Ian approached the driver’s door of the vehicle, and she worried that her cousins might have planted a bomb inside. What if she had been the one to drive it into the inner bailey? They would know she wouldn’t. That one of the men would.


The wolves sniffed around the car, and she wondered if they could detect the smell of bomb-making material. Sure they could, as sensitive as their sense of smell was.


Duncan made a move to open the door. She held her breath.


He pulled the door ajar and the buzzer sounded, indicating that the keys were in the ignition. The car had been sitting in the drive all night with the keys in the ignition? Great. Someone could have stolen it. Then she rethought that scenario. The MacNeill men probably had been watching the vehicle from the wall walk all night long. If anyone had made a move to get near it, their archers could have prevented it.


Duncan jerked the passenger’s door open. Ian leaned inside. The trunk lid popped open.


Ian’s cousin Oran peered into the trunk, sword ready. “All clear,” he shouted.


So they thought her rental vehicle might be like the Trojan horse, bearing armed soldiers instead of gifts? Or in this case, her clothes and Cearnach’s?


She started to move forward now that the car was safe, but Cearnach seized her arm and glanced down at her, wearing a fearsome expression. “Wait.”


The single word was both a command and a plea. He wished to protect her above all else.


She nodded, acknowledging that he knew the Highlanders and their tactics better than she did. Ian got into the car with Duncan and they drove in through the gates.


Guthrie said to Cearnach, “We finally broke into the man’s computer at the keep that Elaine owns.”


Expectantly, Cearnach and Elaine looked at him, waiting to hear what he’d learned.


Guthrie frowned. “Nothing. He’s lived centuries like us undoubtedly. Yet there was nothing in the keep or on his computer to say a thing about him.

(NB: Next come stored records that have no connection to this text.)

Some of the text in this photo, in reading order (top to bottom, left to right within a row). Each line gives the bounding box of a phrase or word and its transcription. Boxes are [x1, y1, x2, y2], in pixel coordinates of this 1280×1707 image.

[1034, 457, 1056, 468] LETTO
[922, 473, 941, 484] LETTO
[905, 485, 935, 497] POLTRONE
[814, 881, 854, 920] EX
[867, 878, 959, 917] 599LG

As if the place was a model home. Clothes in the drawers, and necessities in other drawers, food in the kitchen. Nothing personal. Not one thing. No financial statements, bills, nothing.”

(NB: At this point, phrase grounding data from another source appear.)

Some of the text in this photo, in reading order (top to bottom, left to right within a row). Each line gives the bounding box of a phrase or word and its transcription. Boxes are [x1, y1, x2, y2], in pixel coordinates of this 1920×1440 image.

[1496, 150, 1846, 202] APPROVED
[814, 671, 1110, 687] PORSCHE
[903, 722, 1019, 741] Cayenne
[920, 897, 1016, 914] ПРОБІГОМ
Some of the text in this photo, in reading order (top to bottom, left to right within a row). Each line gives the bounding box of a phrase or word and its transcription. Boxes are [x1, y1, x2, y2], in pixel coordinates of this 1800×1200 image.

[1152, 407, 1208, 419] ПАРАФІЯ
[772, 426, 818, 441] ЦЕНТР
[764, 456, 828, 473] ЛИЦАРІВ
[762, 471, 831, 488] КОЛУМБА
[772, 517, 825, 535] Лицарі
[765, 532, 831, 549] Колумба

“Which means?” Cearnach asked.


“He knew we’d investigate the place. Maybe that Elaine would, and he didn’t want her to know anything about him.”

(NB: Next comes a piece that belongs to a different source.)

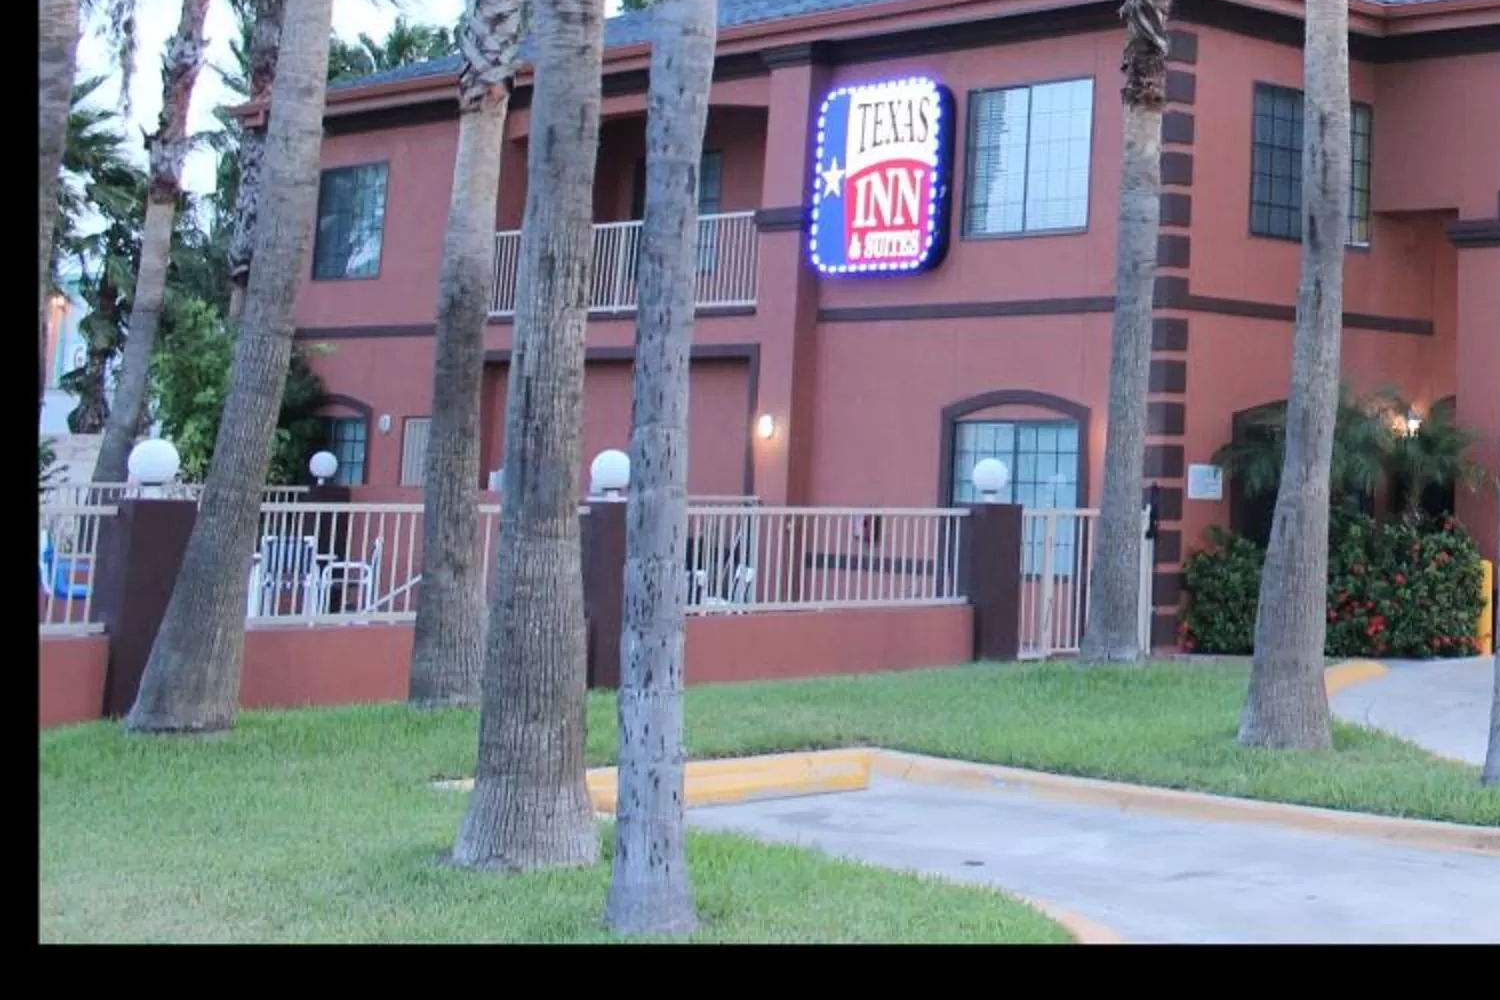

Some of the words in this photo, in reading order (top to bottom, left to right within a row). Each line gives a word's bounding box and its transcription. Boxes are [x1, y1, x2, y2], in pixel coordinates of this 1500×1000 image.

[857, 96, 931, 153] TEXAS
[853, 168, 925, 228] INN
[863, 230, 921, 259] SUITES

Without warning, wolves snarled and growled in the woods, and then attacked.


Cearnach shoved Elaine behind him as a pack of at least a couple of dozen wolves raced out of the woods flanking the drive to the castle. In the inner bailey, Ian and Duncan threw open the doors to the car and hopped out. Some of the wolves went after Ian and Duncan, none getting too close to the men’s swords, while the six MacNeill wolves were fighting with those of the McKinleys’. Another dozen or more McKinley wolves ran through the gate, targeting the rest of the men in the inner bailey.